:: EXERCISE ::
Return every record verbatim, omitting all pictures.

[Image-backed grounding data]
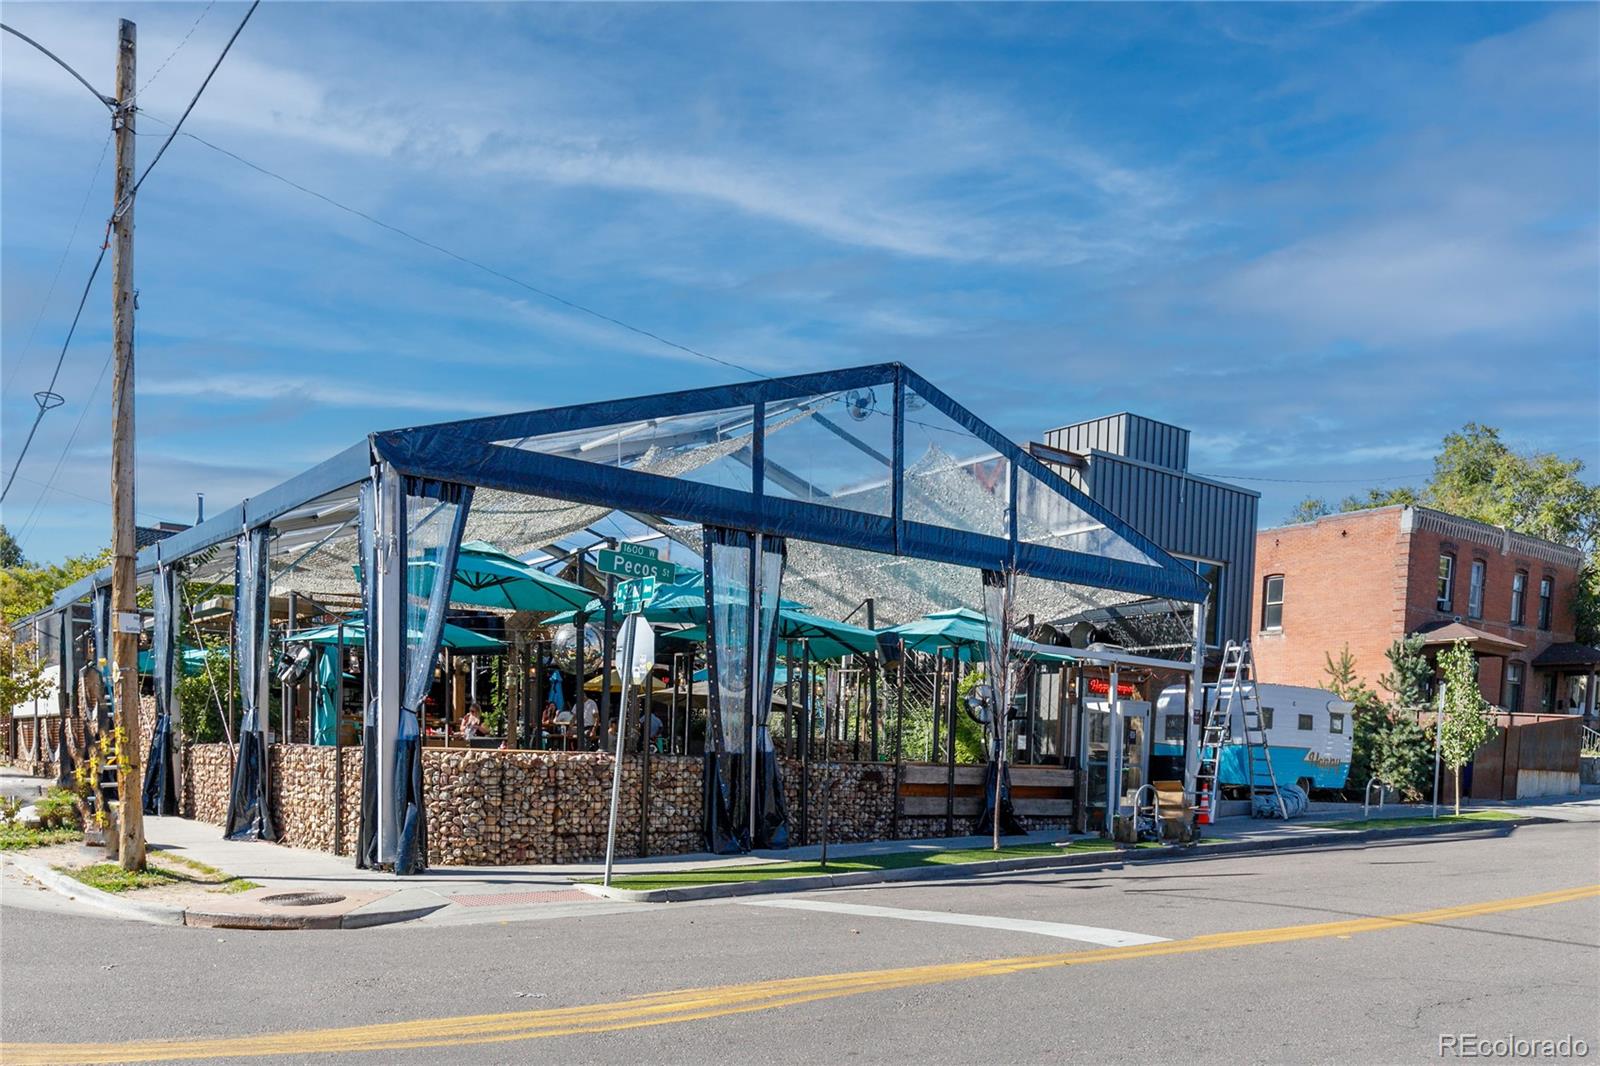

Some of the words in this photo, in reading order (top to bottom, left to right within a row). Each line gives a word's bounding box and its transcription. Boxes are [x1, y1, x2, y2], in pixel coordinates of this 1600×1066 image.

[623, 544, 644, 555] 1600
[649, 549, 656, 557] W
[614, 555, 658, 577] Pecos
[662, 569, 670, 577] St
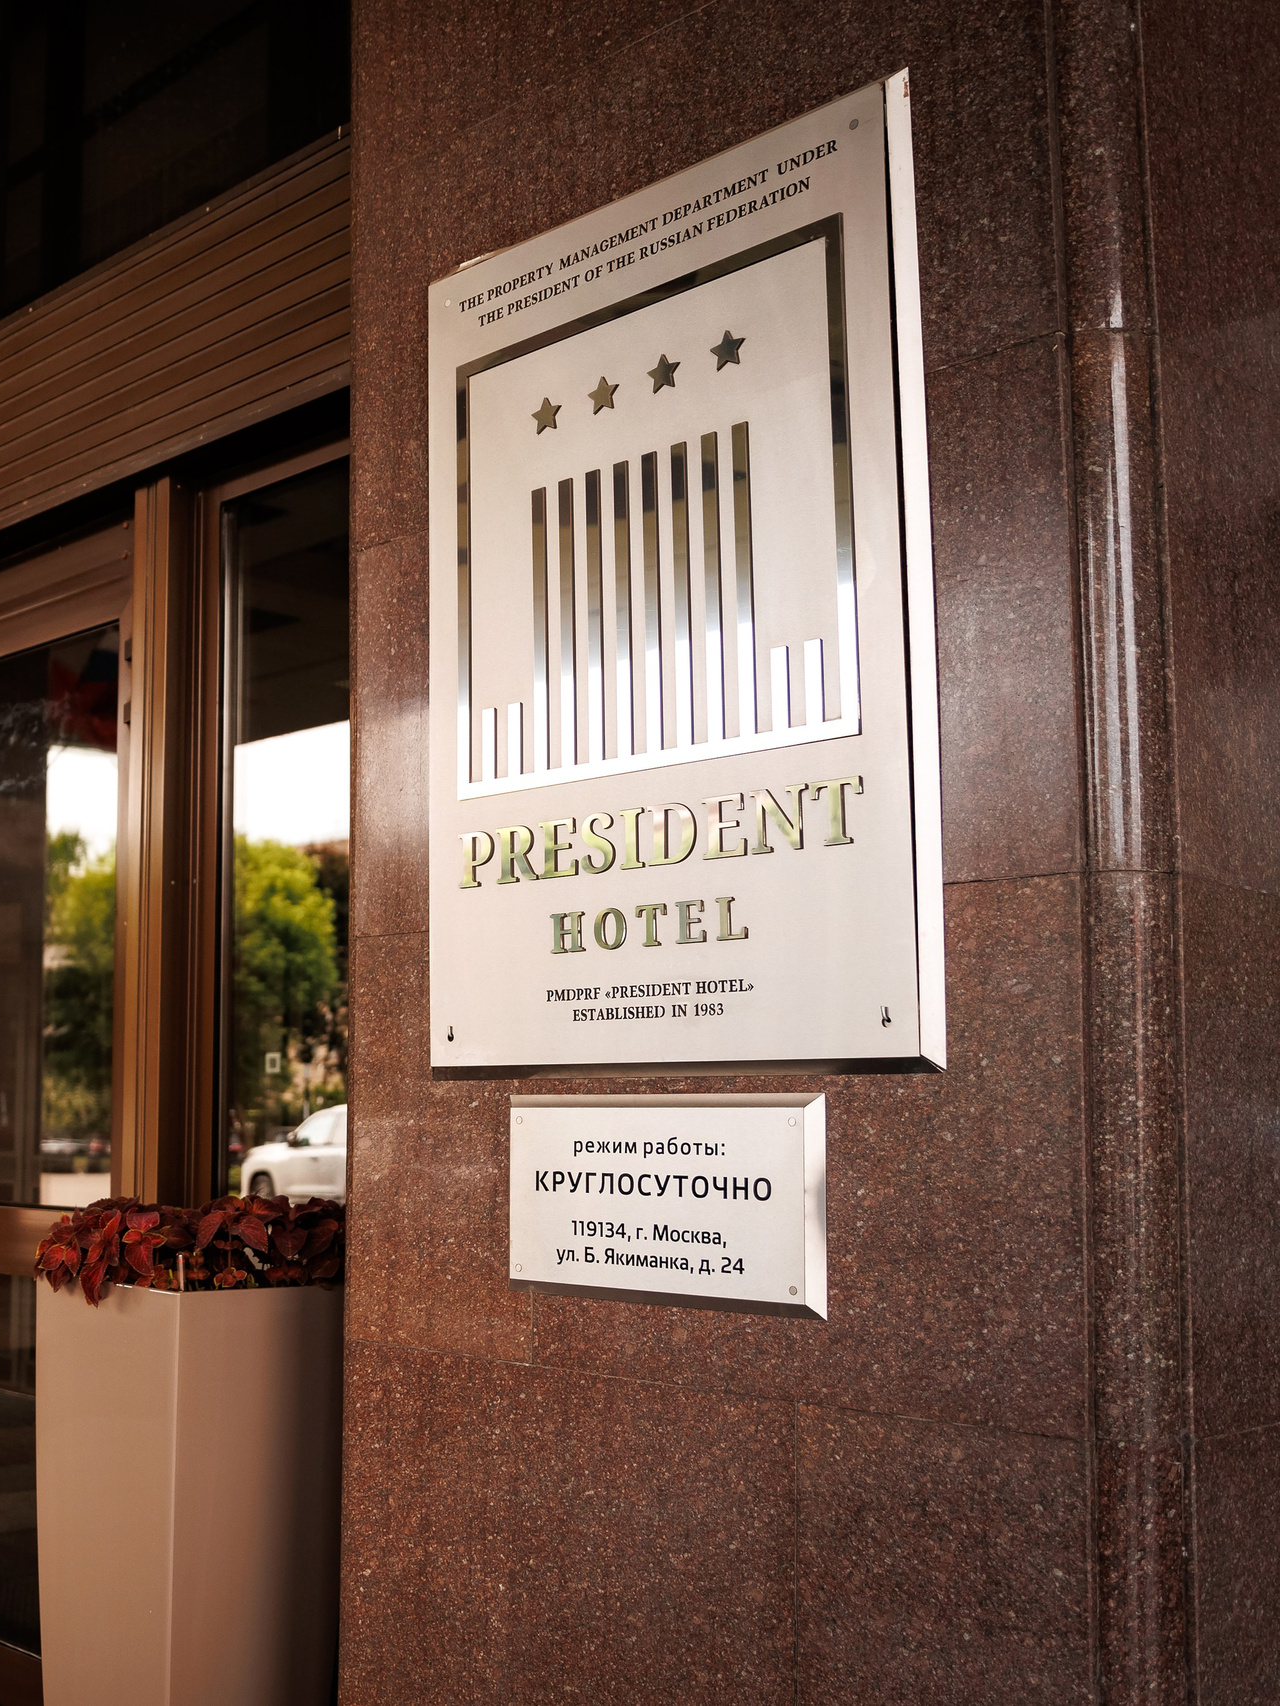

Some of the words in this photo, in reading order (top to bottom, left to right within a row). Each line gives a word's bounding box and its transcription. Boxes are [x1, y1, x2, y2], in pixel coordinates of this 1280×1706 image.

[459, 293, 484, 313] THE
[487, 262, 554, 301] PROPERTY
[559, 217, 658, 271] MANAGEMENT
[662, 168, 768, 226] DEPARTMENT
[776, 139, 838, 176] UNDER
[478, 307, 504, 327] THE
[507, 274, 580, 316] PRESIDENT
[584, 265, 603, 283] OF
[607, 250, 635, 273] THE
[639, 221, 704, 261] RUSSIAN
[707, 176, 811, 232] FEDERATION
[458, 775, 864, 889] PRESIDENT
[549, 896, 749, 954] HOTEL
[546, 986, 601, 1002] PMDPRF
[604, 981, 692, 999] «PRESIDENT
[695, 978, 754, 995] HOTEL»
[572, 1005, 665, 1022] ESTABLISHED
[671, 1003, 687, 1018] IN
[693, 1002, 724, 1017] 1983
[573, 1138, 637, 1157] режим
[643, 1136, 726, 1158] работы:
[535, 1170, 772, 1202] КРУГЛОСУТОЧНО
[571, 1219, 631, 1242] 119134,
[635, 1226, 648, 1240] г.
[653, 1224, 727, 1248] Москва,
[556, 1247, 579, 1264] ул.
[584, 1246, 600, 1264] Б.
[604, 1249, 694, 1274] Якиманка,
[698, 1258, 715, 1275] д.
[720, 1256, 745, 1275] 24
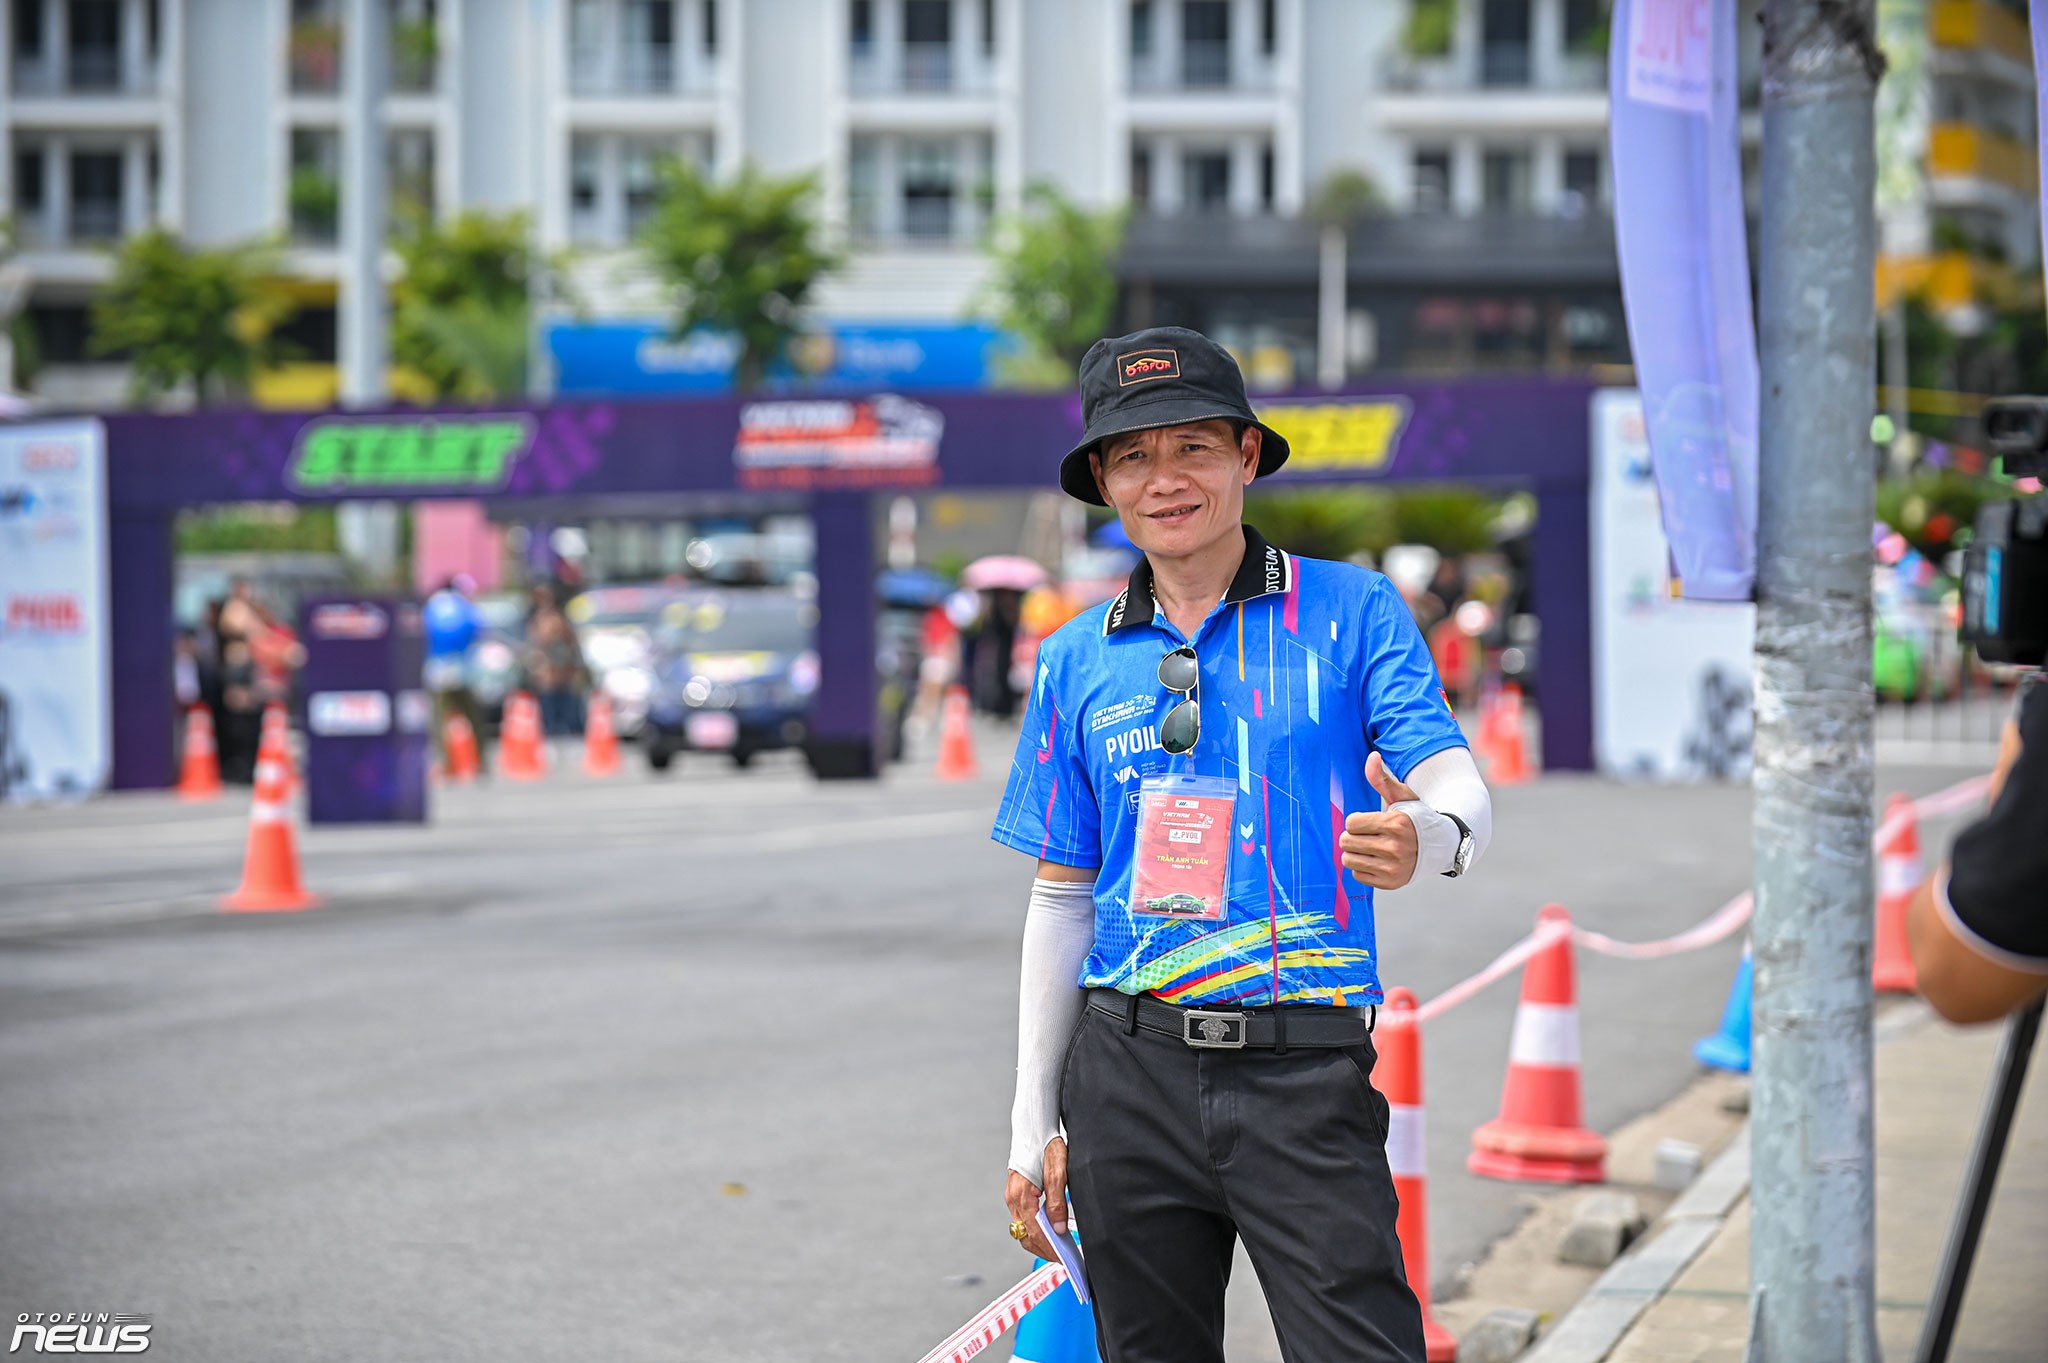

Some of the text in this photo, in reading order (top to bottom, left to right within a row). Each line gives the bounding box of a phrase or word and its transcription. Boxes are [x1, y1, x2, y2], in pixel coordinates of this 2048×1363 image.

[1126, 361, 1173, 377] OTOFUN
[297, 423, 524, 487] START
[1091, 706, 1135, 727] GYMKHANA
[1092, 701, 1125, 719] VIETNAM
[1105, 725, 1162, 763] PVOIL
[1181, 831, 1199, 839] PVOIL
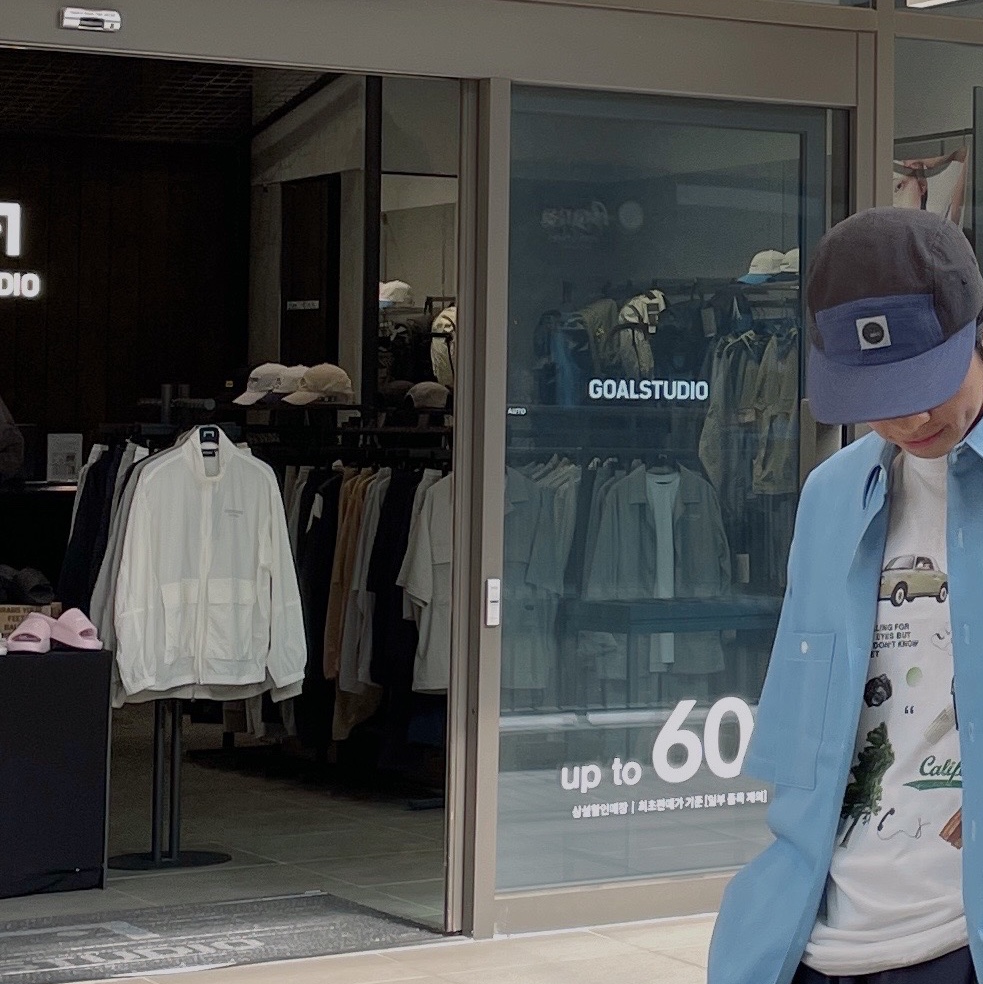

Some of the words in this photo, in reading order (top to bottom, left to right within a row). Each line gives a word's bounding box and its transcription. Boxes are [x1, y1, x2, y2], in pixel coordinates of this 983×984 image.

[588, 379, 709, 400] GOALSTUDIO
[895, 622, 910, 630] FOR
[561, 764, 602, 793] up
[611, 757, 643, 786] to
[652, 697, 755, 783] 60

:: YOUR RESPONSE ::
Some of the words in this photo, in reading order (top to bottom, left to right within a row). Each line gives a word's bounding box and its transcription. Boxes are [x1, y1, x2, y2], in pixel coordinates of this 1600×1066 image.

[623, 544, 644, 555] 1600
[649, 549, 656, 557] W
[614, 555, 658, 577] Pecos
[662, 569, 670, 577] St

Some of the words in this photo, in reading order (top to bottom, left to right within a row). Each line gives a word's bounding box and its transcription. Boxes are [x1, y1, x2, y2], in pixel coordinates of this 1280×1706 image.

[459, 293, 484, 313] THE
[487, 262, 554, 301] PROPERTY
[559, 217, 658, 271] MANAGEMENT
[662, 168, 768, 226] DEPARTMENT
[776, 139, 838, 176] UNDER
[478, 307, 504, 327] THE
[507, 274, 580, 316] PRESIDENT
[584, 265, 603, 283] OF
[607, 250, 635, 273] THE
[639, 221, 704, 261] RUSSIAN
[707, 176, 811, 232] FEDERATION
[458, 775, 864, 889] PRESIDENT
[549, 896, 749, 954] HOTEL
[546, 986, 601, 1002] PMDPRF
[604, 981, 692, 999] «PRESIDENT
[695, 978, 754, 995] HOTEL»
[572, 1005, 665, 1022] ESTABLISHED
[671, 1003, 687, 1018] IN
[693, 1002, 724, 1017] 1983
[573, 1138, 637, 1157] режим
[643, 1136, 726, 1158] работы:
[535, 1170, 772, 1202] КРУГЛОСУТОЧНО
[571, 1219, 631, 1242] 119134,
[635, 1226, 648, 1240] г.
[653, 1224, 727, 1248] Москва,
[556, 1247, 579, 1264] ул.
[584, 1246, 600, 1264] Б.
[604, 1249, 694, 1274] Якиманка,
[698, 1258, 715, 1275] д.
[720, 1256, 745, 1275] 24

Some of the text in this photo, in reading order (top to bottom, left to right within a row). Each line gives the bounding box of a phrase or word and its transcription. Boxes are [x1, y1, x2, y2], in pixel coordinates of this 2048×1363 image.

[1126, 361, 1173, 377] OTOFUN
[297, 423, 524, 487] START
[1091, 706, 1135, 727] GYMKHANA
[1092, 701, 1125, 719] VIETNAM
[1105, 725, 1162, 763] PVOIL
[1181, 831, 1199, 839] PVOIL

Some of the words in this photo, in reading order (top to bottom, left to right within a row). Each line gives a word's bounding box and its transcription. Boxes are [x1, y1, x2, y2], in pixel coordinates of this 983×984 image.

[588, 379, 709, 400] GOALSTUDIO
[895, 622, 910, 630] FOR
[561, 764, 602, 793] up
[611, 757, 643, 786] to
[652, 697, 755, 783] 60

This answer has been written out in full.